-- Materials provided follows --

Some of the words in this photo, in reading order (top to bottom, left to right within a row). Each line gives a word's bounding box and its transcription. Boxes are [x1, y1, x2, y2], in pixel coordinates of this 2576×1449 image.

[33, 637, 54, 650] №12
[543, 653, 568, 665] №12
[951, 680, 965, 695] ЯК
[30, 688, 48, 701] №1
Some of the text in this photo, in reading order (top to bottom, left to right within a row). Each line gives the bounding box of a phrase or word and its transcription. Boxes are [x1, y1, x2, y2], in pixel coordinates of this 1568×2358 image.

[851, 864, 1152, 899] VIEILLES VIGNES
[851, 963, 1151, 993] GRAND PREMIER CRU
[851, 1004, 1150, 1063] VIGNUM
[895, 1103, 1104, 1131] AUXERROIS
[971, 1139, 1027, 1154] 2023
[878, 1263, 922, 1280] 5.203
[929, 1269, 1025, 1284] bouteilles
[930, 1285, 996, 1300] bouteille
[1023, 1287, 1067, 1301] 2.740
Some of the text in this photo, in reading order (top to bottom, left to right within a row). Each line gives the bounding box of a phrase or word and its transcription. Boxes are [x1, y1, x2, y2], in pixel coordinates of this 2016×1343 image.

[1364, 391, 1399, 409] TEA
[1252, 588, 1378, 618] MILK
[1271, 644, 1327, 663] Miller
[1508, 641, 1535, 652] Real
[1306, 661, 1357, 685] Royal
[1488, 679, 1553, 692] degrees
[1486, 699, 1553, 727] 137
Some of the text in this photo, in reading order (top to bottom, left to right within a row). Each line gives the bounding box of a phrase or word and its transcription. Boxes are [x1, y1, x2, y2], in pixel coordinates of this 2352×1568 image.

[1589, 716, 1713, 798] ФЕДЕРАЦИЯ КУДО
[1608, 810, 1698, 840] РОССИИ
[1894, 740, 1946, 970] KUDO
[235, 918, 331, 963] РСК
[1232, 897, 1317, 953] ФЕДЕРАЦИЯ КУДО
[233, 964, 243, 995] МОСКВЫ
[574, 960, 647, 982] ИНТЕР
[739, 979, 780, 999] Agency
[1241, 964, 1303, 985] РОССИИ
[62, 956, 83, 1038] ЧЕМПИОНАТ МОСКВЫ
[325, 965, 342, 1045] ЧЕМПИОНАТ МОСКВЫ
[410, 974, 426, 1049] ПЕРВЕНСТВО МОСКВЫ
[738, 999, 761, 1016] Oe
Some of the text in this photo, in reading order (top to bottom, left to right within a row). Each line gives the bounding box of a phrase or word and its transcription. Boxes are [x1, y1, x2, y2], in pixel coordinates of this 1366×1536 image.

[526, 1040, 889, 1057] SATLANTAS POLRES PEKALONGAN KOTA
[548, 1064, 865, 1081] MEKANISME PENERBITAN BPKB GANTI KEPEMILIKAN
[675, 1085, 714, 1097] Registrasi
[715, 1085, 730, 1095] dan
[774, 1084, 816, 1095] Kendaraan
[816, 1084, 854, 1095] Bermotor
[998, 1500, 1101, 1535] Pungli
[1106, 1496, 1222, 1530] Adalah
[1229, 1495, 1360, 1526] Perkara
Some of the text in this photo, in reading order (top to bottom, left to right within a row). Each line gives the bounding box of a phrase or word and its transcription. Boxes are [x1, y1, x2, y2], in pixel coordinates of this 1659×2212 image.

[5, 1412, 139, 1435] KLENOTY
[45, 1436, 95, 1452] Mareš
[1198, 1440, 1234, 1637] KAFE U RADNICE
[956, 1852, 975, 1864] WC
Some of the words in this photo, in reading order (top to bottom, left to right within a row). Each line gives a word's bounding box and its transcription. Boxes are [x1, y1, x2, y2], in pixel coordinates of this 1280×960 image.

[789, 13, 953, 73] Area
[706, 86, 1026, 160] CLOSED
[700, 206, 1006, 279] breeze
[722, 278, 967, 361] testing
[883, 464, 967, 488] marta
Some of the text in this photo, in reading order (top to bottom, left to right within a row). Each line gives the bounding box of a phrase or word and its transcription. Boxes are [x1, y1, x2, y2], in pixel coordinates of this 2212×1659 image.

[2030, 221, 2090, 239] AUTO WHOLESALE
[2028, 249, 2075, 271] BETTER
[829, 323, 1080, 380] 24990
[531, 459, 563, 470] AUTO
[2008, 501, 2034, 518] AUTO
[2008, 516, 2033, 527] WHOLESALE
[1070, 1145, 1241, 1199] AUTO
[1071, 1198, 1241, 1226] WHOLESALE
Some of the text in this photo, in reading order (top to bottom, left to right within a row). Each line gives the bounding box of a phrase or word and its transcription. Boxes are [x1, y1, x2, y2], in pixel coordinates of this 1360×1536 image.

-- Materials provided concluded --

Problem statement: Write the entries again, exactly as they stand.

Answer to this exercise:
Some of the words in this photo, in reading order (top to bottom, left to right within a row). Each line gives a word's bounding box and its transcription. Boxes are [x1, y1, x2, y2], in pixel coordinates of this 2576×1449 image.

[33, 637, 54, 650] №12
[543, 653, 568, 665] №12
[951, 680, 965, 695] ЯК
[30, 688, 48, 701] №1
Some of the text in this photo, in reading order (top to bottom, left to right within a row). Each line gives the bounding box of a phrase or word and its transcription. Boxes are [x1, y1, x2, y2], in pixel coordinates of this 1568×2358 image.

[851, 864, 1152, 899] VIEILLES VIGNES
[851, 963, 1151, 993] GRAND PREMIER CRU
[851, 1004, 1150, 1063] VIGNUM
[895, 1103, 1104, 1131] AUXERROIS
[971, 1139, 1027, 1154] 2023
[878, 1263, 922, 1280] 5.203
[929, 1269, 1025, 1284] bouteilles
[930, 1285, 996, 1300] bouteille
[1023, 1287, 1067, 1301] 2.740
Some of the text in this photo, in reading order (top to bottom, left to right within a row). Each line gives the bounding box of a phrase or word and its transcription. Boxes are [x1, y1, x2, y2], in pixel coordinates of this 2016×1343 image.

[1364, 391, 1399, 409] TEA
[1252, 588, 1378, 618] MILK
[1271, 644, 1327, 663] Miller
[1508, 641, 1535, 652] Real
[1306, 661, 1357, 685] Royal
[1488, 679, 1553, 692] degrees
[1486, 699, 1553, 727] 137
Some of the text in this photo, in reading order (top to bottom, left to right within a row). Each line gives the bounding box of a phrase or word and its transcription. Boxes are [x1, y1, x2, y2], in pixel coordinates of this 2352×1568 image.

[1589, 716, 1713, 798] ФЕДЕРАЦИЯ КУДО
[1608, 810, 1698, 840] РОССИИ
[1894, 740, 1946, 970] KUDO
[235, 918, 331, 963] РСК
[1232, 897, 1317, 953] ФЕДЕРАЦИЯ КУДО
[233, 964, 243, 995] МОСКВЫ
[574, 960, 647, 982] ИНТЕР
[739, 979, 780, 999] Agency
[1241, 964, 1303, 985] РОССИИ
[62, 956, 83, 1038] ЧЕМПИОНАТ МОСКВЫ
[325, 965, 342, 1045] ЧЕМПИОНАТ МОСКВЫ
[410, 974, 426, 1049] ПЕРВЕНСТВО МОСКВЫ
[738, 999, 761, 1016] Oe
Some of the text in this photo, in reading order (top to bottom, left to right within a row). Each line gives the bounding box of a phrase or word and its transcription. Boxes are [x1, y1, x2, y2], in pixel coordinates of this 1366×1536 image.

[526, 1040, 889, 1057] SATLANTAS POLRES PEKALONGAN KOTA
[548, 1064, 865, 1081] MEKANISME PENERBITAN BPKB GANTI KEPEMILIKAN
[675, 1085, 714, 1097] Registrasi
[715, 1085, 730, 1095] dan
[774, 1084, 816, 1095] Kendaraan
[816, 1084, 854, 1095] Bermotor
[998, 1500, 1101, 1535] Pungli
[1106, 1496, 1222, 1530] Adalah
[1229, 1495, 1360, 1526] Perkara
Some of the text in this photo, in reading order (top to bottom, left to right within a row). Each line gives the bounding box of a phrase or word and its transcription. Boxes are [x1, y1, x2, y2], in pixel coordinates of this 1659×2212 image.

[5, 1412, 139, 1435] KLENOTY
[45, 1436, 95, 1452] Mareš
[1198, 1440, 1234, 1637] KAFE U RADNICE
[956, 1852, 975, 1864] WC
Some of the words in this photo, in reading order (top to bottom, left to right within a row). Each line gives a word's bounding box and its transcription. Boxes are [x1, y1, x2, y2], in pixel coordinates of this 1280×960 image.

[789, 13, 953, 73] Area
[706, 86, 1026, 160] CLOSED
[700, 206, 1006, 279] breeze
[722, 278, 967, 361] testing
[883, 464, 967, 488] marta
Some of the text in this photo, in reading order (top to bottom, left to right within a row). Each line gives the bounding box of a phrase or word and its transcription. Boxes are [x1, y1, x2, y2], in pixel coordinates of this 2212×1659 image.

[2030, 221, 2090, 239] AUTO WHOLESALE
[2028, 249, 2075, 271] BETTER
[829, 323, 1080, 380] 24990
[531, 459, 563, 470] AUTO
[2008, 501, 2034, 518] AUTO
[2008, 516, 2033, 527] WHOLESALE
[1070, 1145, 1241, 1199] AUTO
[1071, 1198, 1241, 1226] WHOLESALE
Some of the text in this photo, in reading order (top to bottom, left to right within a row). Each line gives the bounding box of a phrase or word and its transcription. Boxes are [x1, y1, x2, y2], in pixel coordinates of this 1360×1536 image.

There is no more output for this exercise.